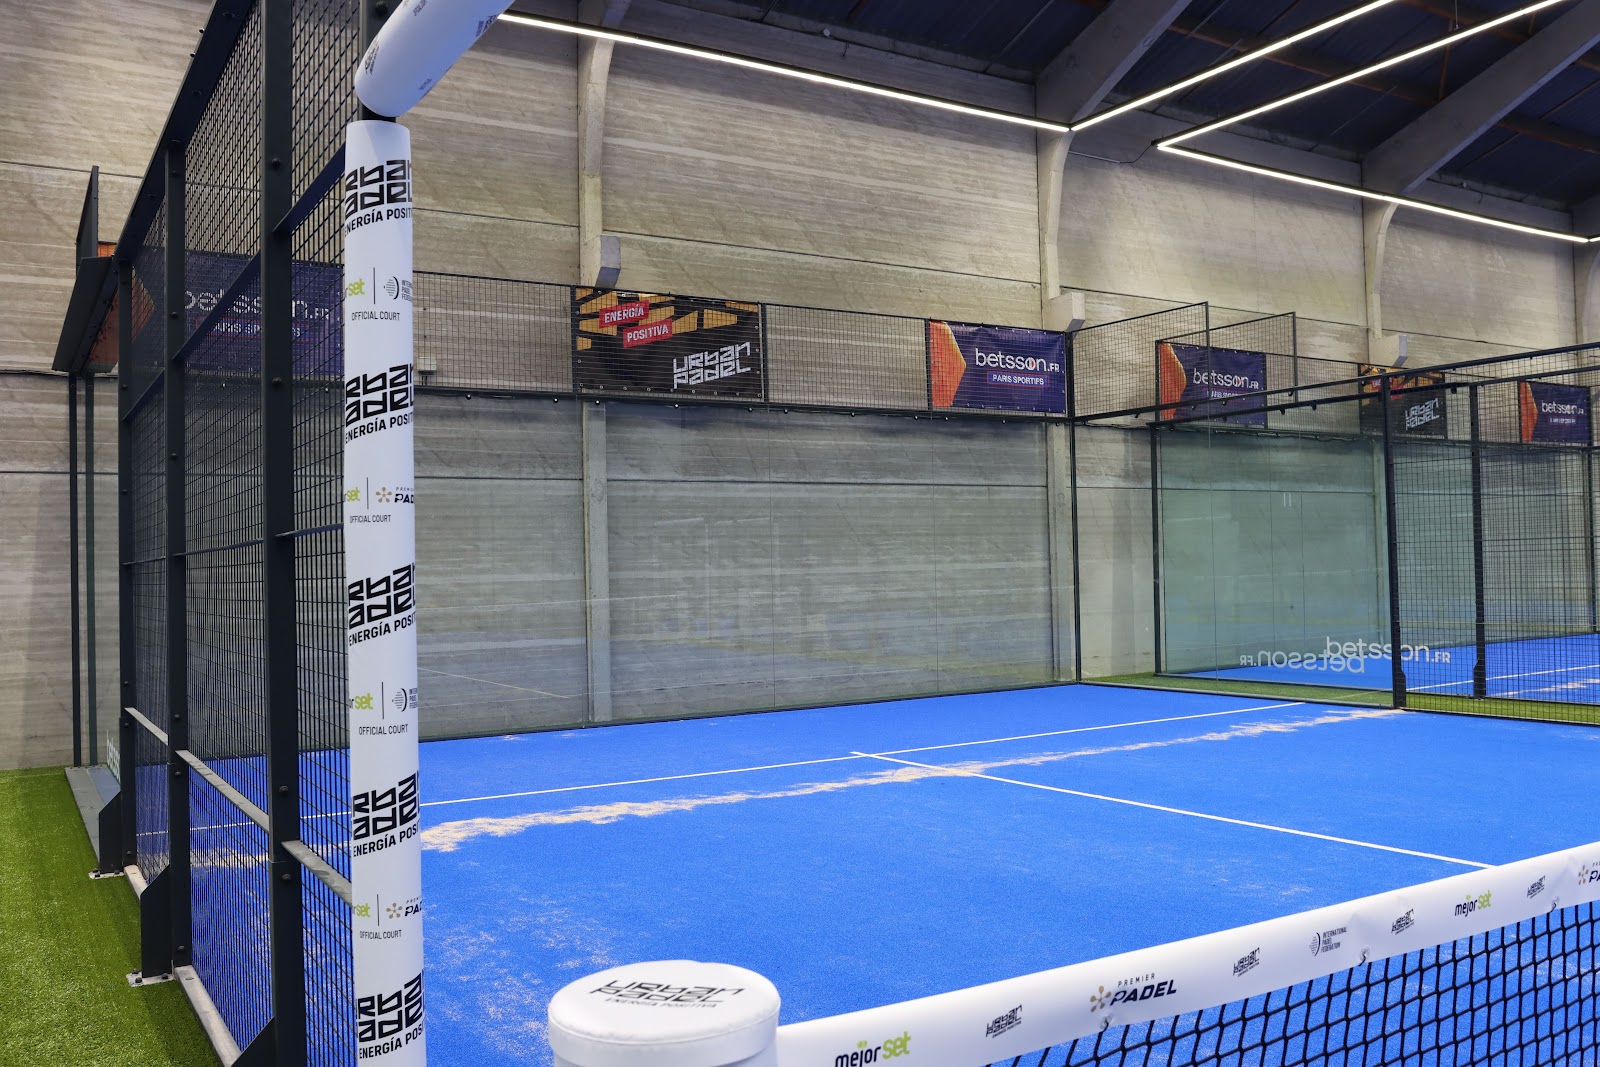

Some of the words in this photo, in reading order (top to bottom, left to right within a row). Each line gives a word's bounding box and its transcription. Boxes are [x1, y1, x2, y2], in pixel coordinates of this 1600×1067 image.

[351, 311, 378, 321] OFFICIAL
[380, 311, 401, 321] COURT
[604, 304, 645, 323] ENERGÍA
[626, 324, 669, 343] POSITIVA
[975, 348, 1060, 373] betsson.FR
[992, 374, 1012, 383] PARIS
[1013, 376, 1045, 386] SPORTIFS
[350, 515, 371, 523] OFFICIAL
[372, 514, 391, 523] COURT
[358, 725, 387, 736] OFFICIAL
[388, 723, 409, 735] COURT
[360, 930, 382, 940] OFFICIAL
[382, 929, 402, 939] COURT
[1117, 972, 1156, 988] PREMIER
[1110, 979, 1177, 1006] PADEL
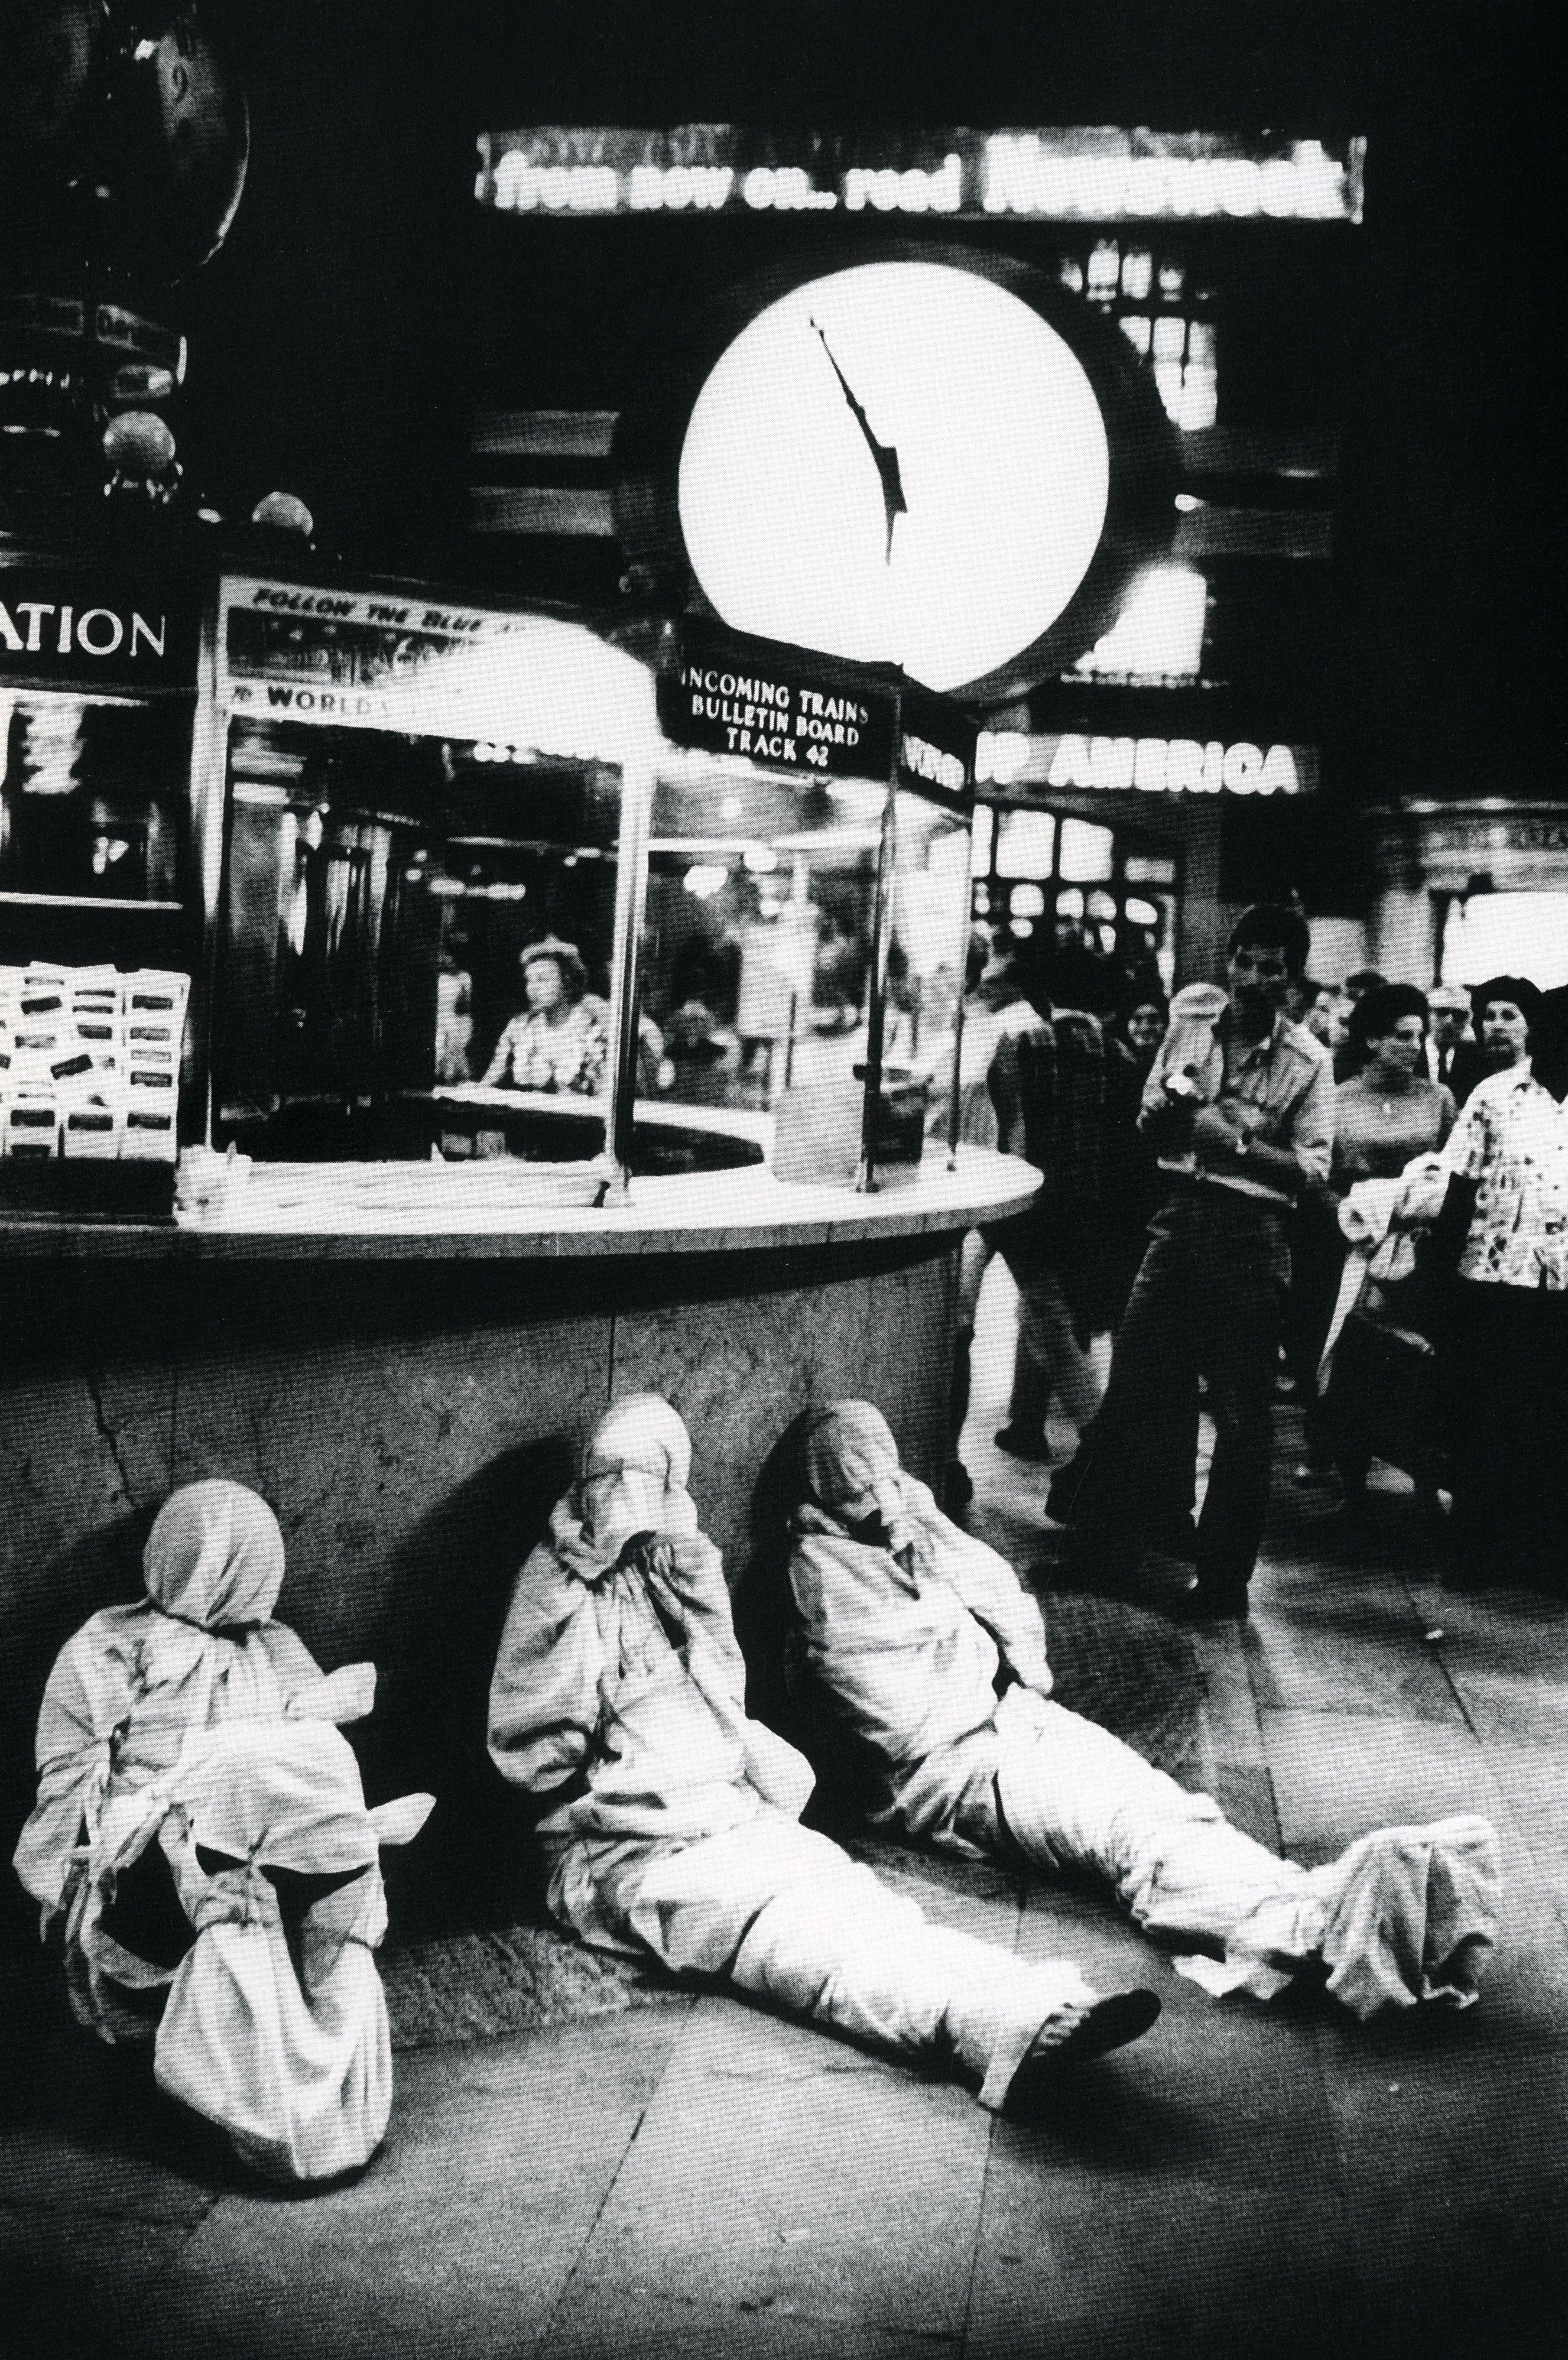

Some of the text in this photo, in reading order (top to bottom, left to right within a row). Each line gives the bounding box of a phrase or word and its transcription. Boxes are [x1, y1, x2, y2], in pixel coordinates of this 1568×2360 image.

[681, 667, 868, 724] INCOMING TRAINS
[692, 695, 859, 747] BULLETIN BOARD
[727, 727, 829, 767] TRACK 42
[1048, 734, 1299, 795] AMERICA
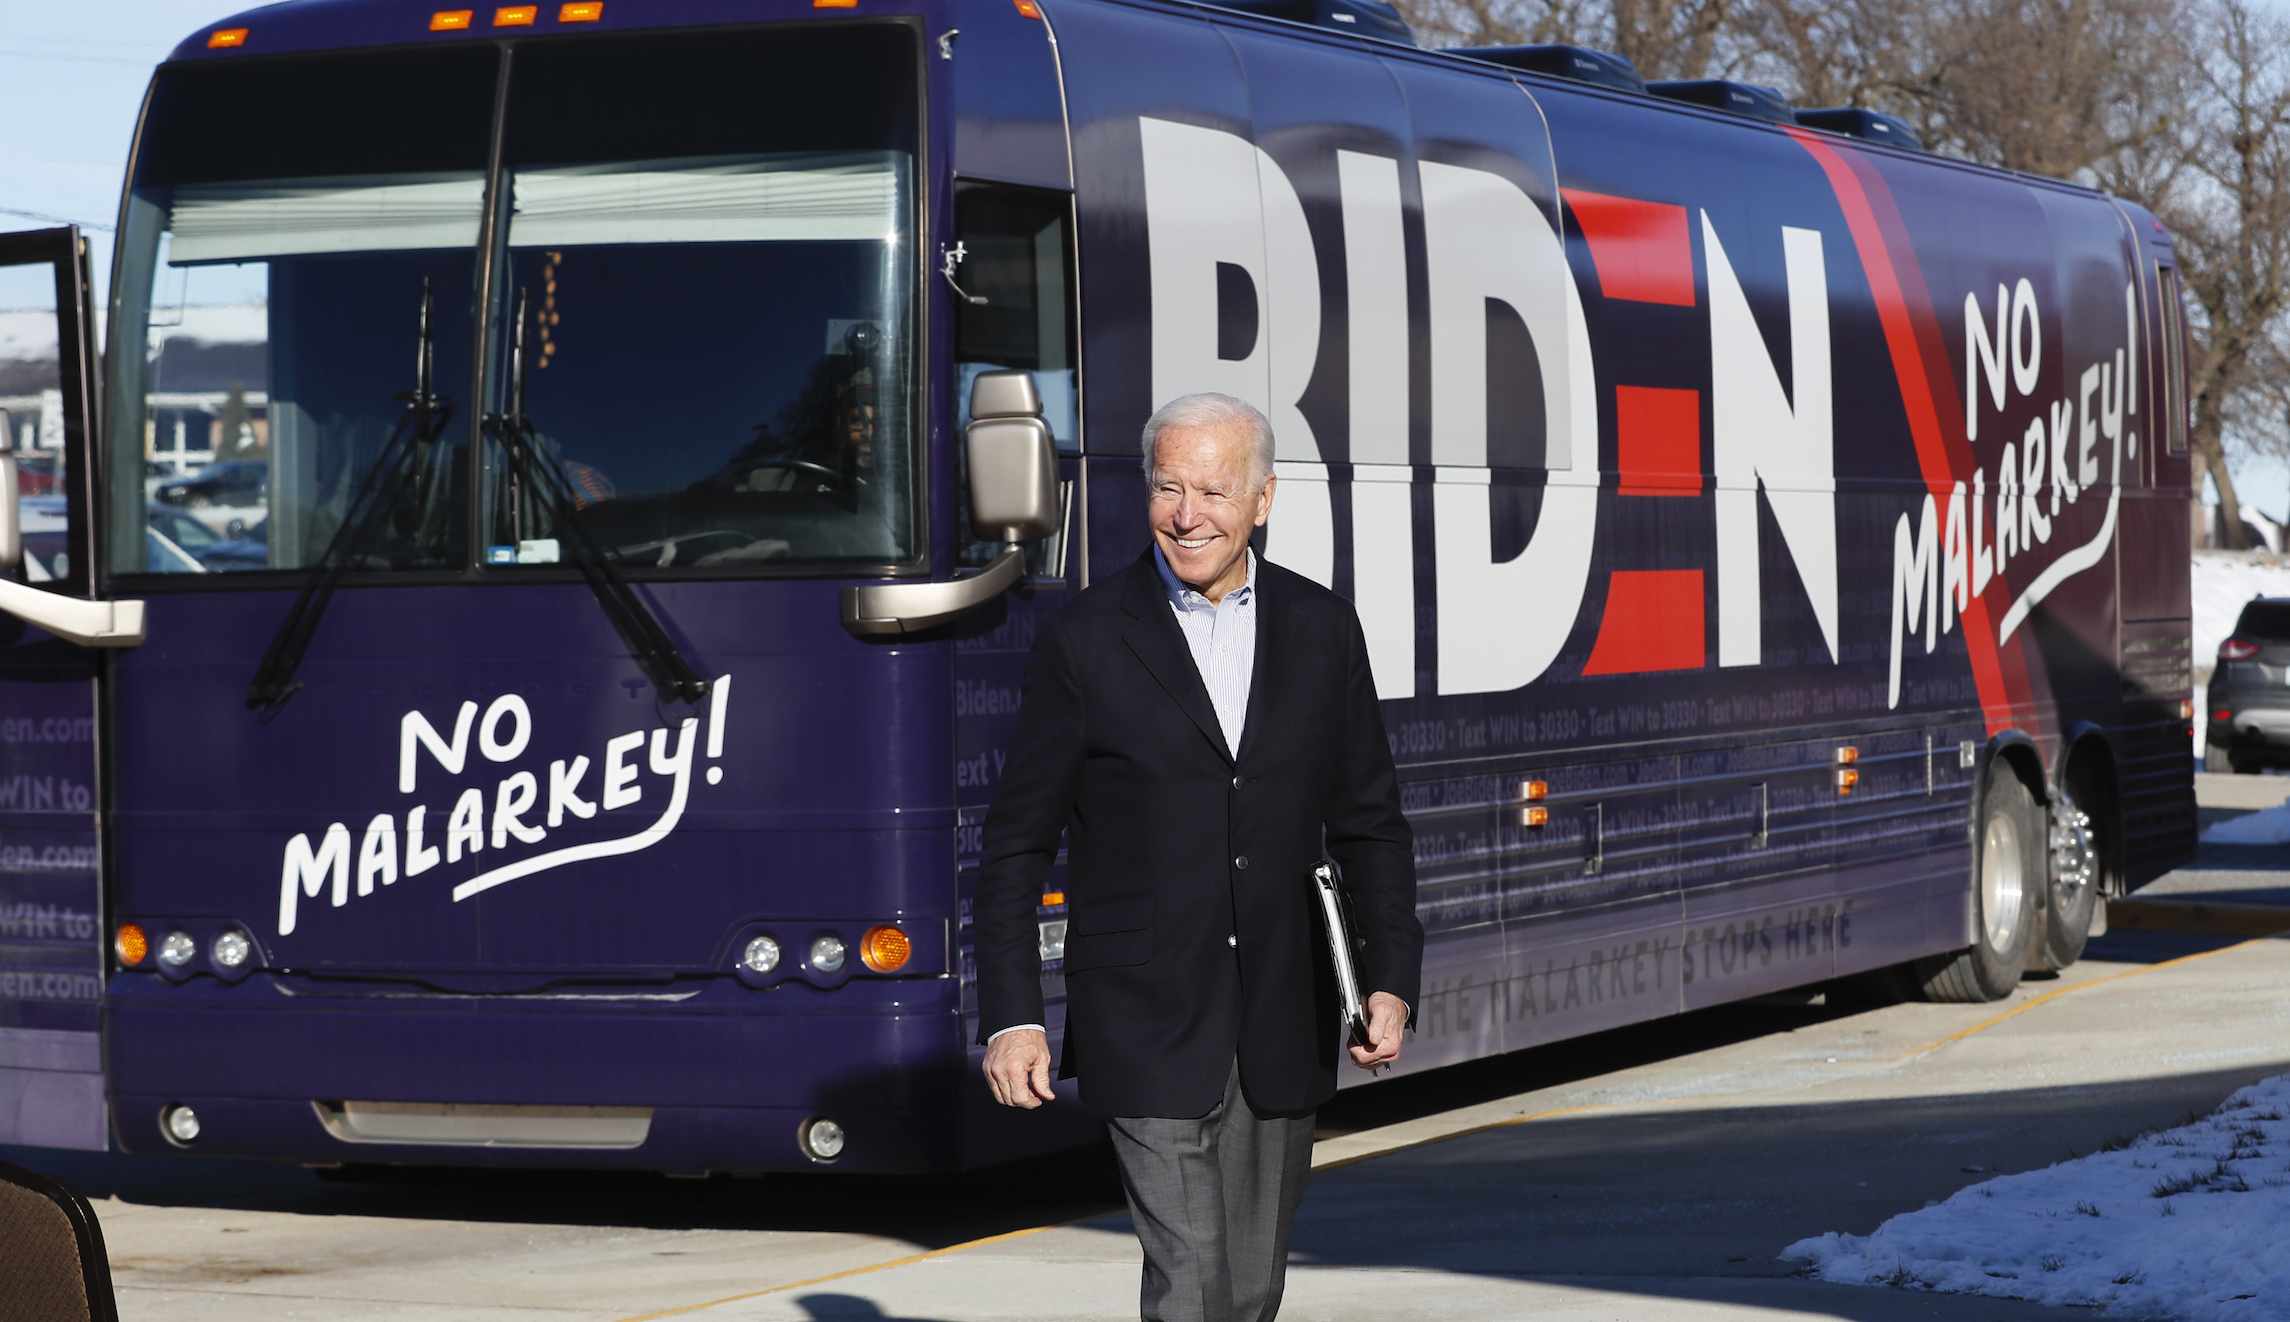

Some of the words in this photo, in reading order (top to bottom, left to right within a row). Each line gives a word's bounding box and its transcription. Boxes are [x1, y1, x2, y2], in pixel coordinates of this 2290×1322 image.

[1139, 115, 1840, 700] BIDEN
[1964, 277, 2042, 442] NO
[1888, 280, 2138, 710] MALARKEY!
[60, 779, 91, 810] to
[400, 693, 532, 793] NO
[1400, 719, 1446, 755] 30330
[1456, 717, 1487, 748] Text
[1489, 714, 1520, 746] WIN
[1522, 718, 1537, 742] to
[1538, 708, 1579, 742] 30330
[1589, 707, 1616, 736] Text
[1617, 703, 1645, 732] WIN
[1647, 706, 1660, 731] to
[1661, 699, 1698, 730] 30330
[1707, 698, 1731, 725] Text
[1732, 695, 1758, 722] WIN
[278, 674, 731, 936] MALARKEY!
[1407, 974, 1473, 1043] HE
[1490, 935, 1670, 1026] MALARKEY
[1681, 914, 1773, 987] STOPS
[1785, 898, 1853, 961] HERE

# [Problem description]
Copy, exactly as written, the lines above, beginning with the one that contains "this 2290×1322 image." and ending with the last.

# [Solution]
Some of the words in this photo, in reading order (top to bottom, left to right within a row). Each line gives a word's bounding box and its transcription. Boxes are [x1, y1, x2, y2], in pixel coordinates of this 2290×1322 image.

[1139, 115, 1840, 700] BIDEN
[1964, 277, 2042, 442] NO
[1888, 280, 2138, 710] MALARKEY!
[60, 779, 91, 810] to
[400, 693, 532, 793] NO
[1400, 719, 1446, 755] 30330
[1456, 717, 1487, 748] Text
[1489, 714, 1520, 746] WIN
[1522, 718, 1537, 742] to
[1538, 708, 1579, 742] 30330
[1589, 707, 1616, 736] Text
[1617, 703, 1645, 732] WIN
[1647, 706, 1660, 731] to
[1661, 699, 1698, 730] 30330
[1707, 698, 1731, 725] Text
[1732, 695, 1758, 722] WIN
[278, 674, 731, 936] MALARKEY!
[1407, 974, 1473, 1043] HE
[1490, 935, 1670, 1026] MALARKEY
[1681, 914, 1773, 987] STOPS
[1785, 898, 1853, 961] HERE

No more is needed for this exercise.